The episode keeps Tyrone and Tandy separate for most of the episode, only having them bump into each other (literally. With a car) in the final few seconds of the episode... and I'm not sure, again, why we needed an entire hour devoted to the things we go through here. We're basically just repeating the same thing we did for the two of them in the episode premiere, just kind of prolonged. The episode does have some good points, admittedly.
Tandy being cast in a pretty shady light is pretty interesting. A good chunk of this episode is just her wiffle-waffling about leaving after stabbing Richy McDouche in the pilot, arguing with her mom (who's obsessed with suing Roxxon) when she spends the money she saved up to pay her "lover", who will totally help them win the suit against Roxxon, and then setting up her boyfriend Liam as her fall guy to be captured by the police. It's an interesting story arc, for sure, and showing one of our two main leads as being extremely morally ambiguous is a pretty interesting move. Did it need to take the entire episode to show this, though?
Meanwhile, Tyrone's story is a bit stronger than the previous one, with his split attention between hunting the policeman that killed his brother and all the basketball team drama. Could definitely do without such a huge focus on the latter, honestly, although the school's reverend talking to him about poison and revenge -- not aware that Tyrone is someone who's recently gained powers to actually do something about his brother's killer -- is pretty interesting. It ends up being bogged down by rather poor and jumpy pacing, though. And while the moment when Tyrone randomly goes into that weird trippy vision is either a new superpower or something symbolic, it ends up feeling kind of a rather muted 'reveal'.

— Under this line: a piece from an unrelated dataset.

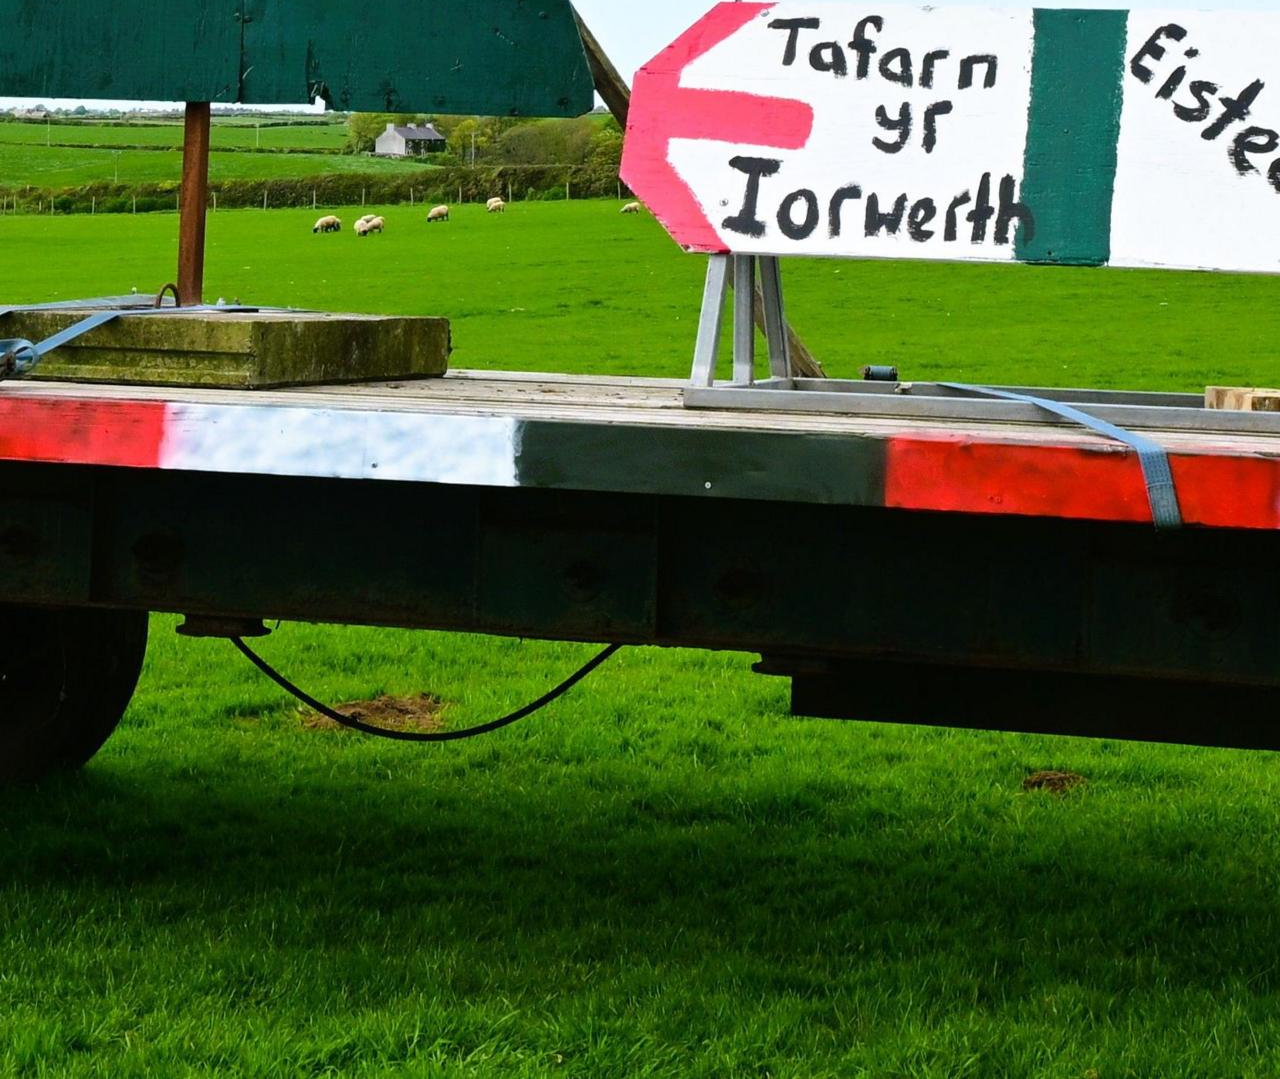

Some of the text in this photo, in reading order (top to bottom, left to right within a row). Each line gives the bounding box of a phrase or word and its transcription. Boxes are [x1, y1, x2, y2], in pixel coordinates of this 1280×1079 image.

[768, 16, 996, 89] Tafarn
[873, 101, 952, 153] yr
[723, 156, 1035, 245] Iorwerth

Ultimately, it's an extremely slow episode. I do applaud putting the focus on characters first, but at the same time it takes waaaay too long for the episode to do anything actually interesting with these characters, up until the big revelation that Tandy betrays Liam (which is a neat, if obvious, moment). Overall, definitely a competently shot and acted episode, but one that didn't really feel all that intriguing or exciting.